> **Exercise**
Make an exact copy of the records, omitting all images.

[Opening Given records section]

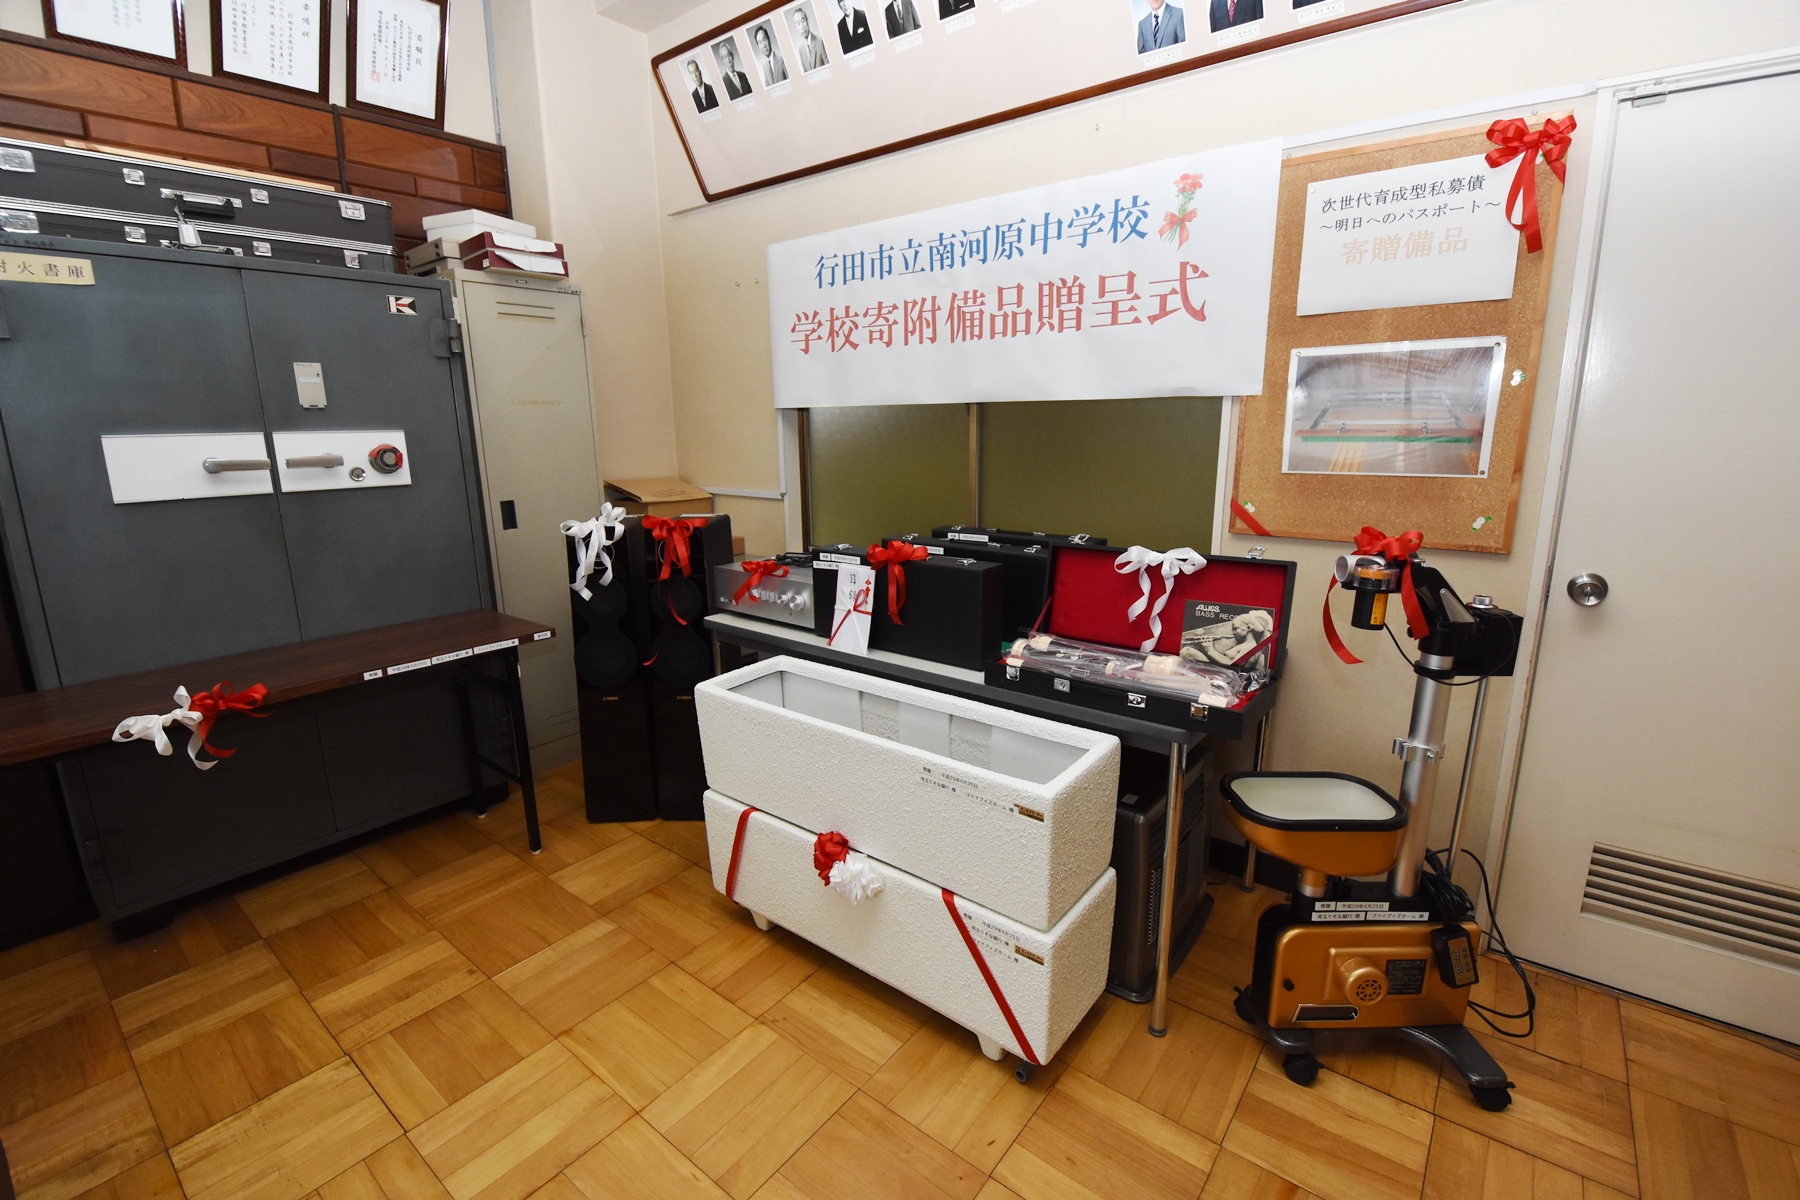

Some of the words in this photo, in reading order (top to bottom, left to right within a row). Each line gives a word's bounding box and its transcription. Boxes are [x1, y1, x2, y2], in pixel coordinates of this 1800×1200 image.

[1321, 174, 1486, 214] 次世代育成型私募債
[814, 195, 1151, 290] 行田市立南河原中学校
[1340, 226, 1468, 265] 寄贈備品
[790, 261, 1209, 355] 学校寄附備品贈呈式
[1196, 610, 1215, 618] BASS
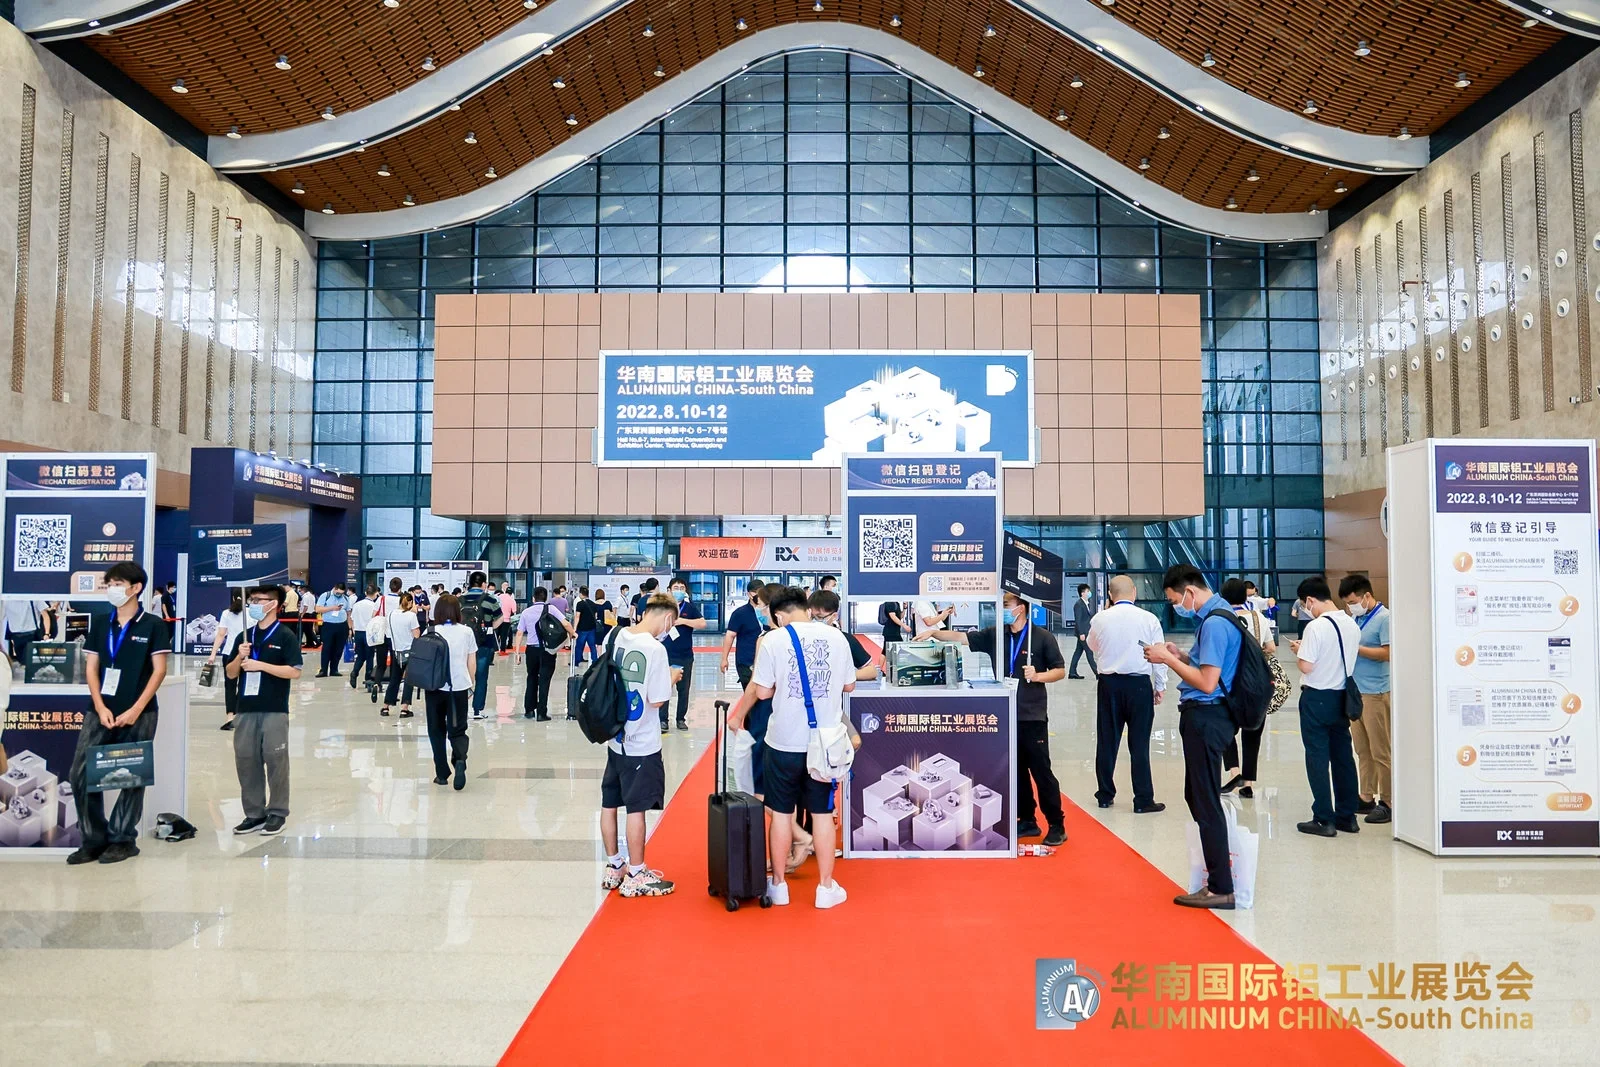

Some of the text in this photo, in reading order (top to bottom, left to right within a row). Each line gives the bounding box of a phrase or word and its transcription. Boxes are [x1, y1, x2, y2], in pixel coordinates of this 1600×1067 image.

[Closing Given records section]

> **The completed task**
Some of the words in this photo, in reading order (top to bottom, left to right within a row). Each line gives a word's bounding box and its transcription. Boxes are [x1, y1, x2, y2], in pixel coordinates of this 1800×1200 image.

[1321, 174, 1486, 214] 次世代育成型私募債
[814, 195, 1151, 290] 行田市立南河原中学校
[1340, 226, 1468, 265] 寄贈備品
[790, 261, 1209, 355] 学校寄附備品贈呈式
[1196, 610, 1215, 618] BASS

Some of the text in this photo, in reading order (top to bottom, left to right within a row). Each line gives the bounding box of a phrase or word and its transcription. Boxes are [x1, y1, x2, y2], in pixel coordinates of this 1600×1067 image.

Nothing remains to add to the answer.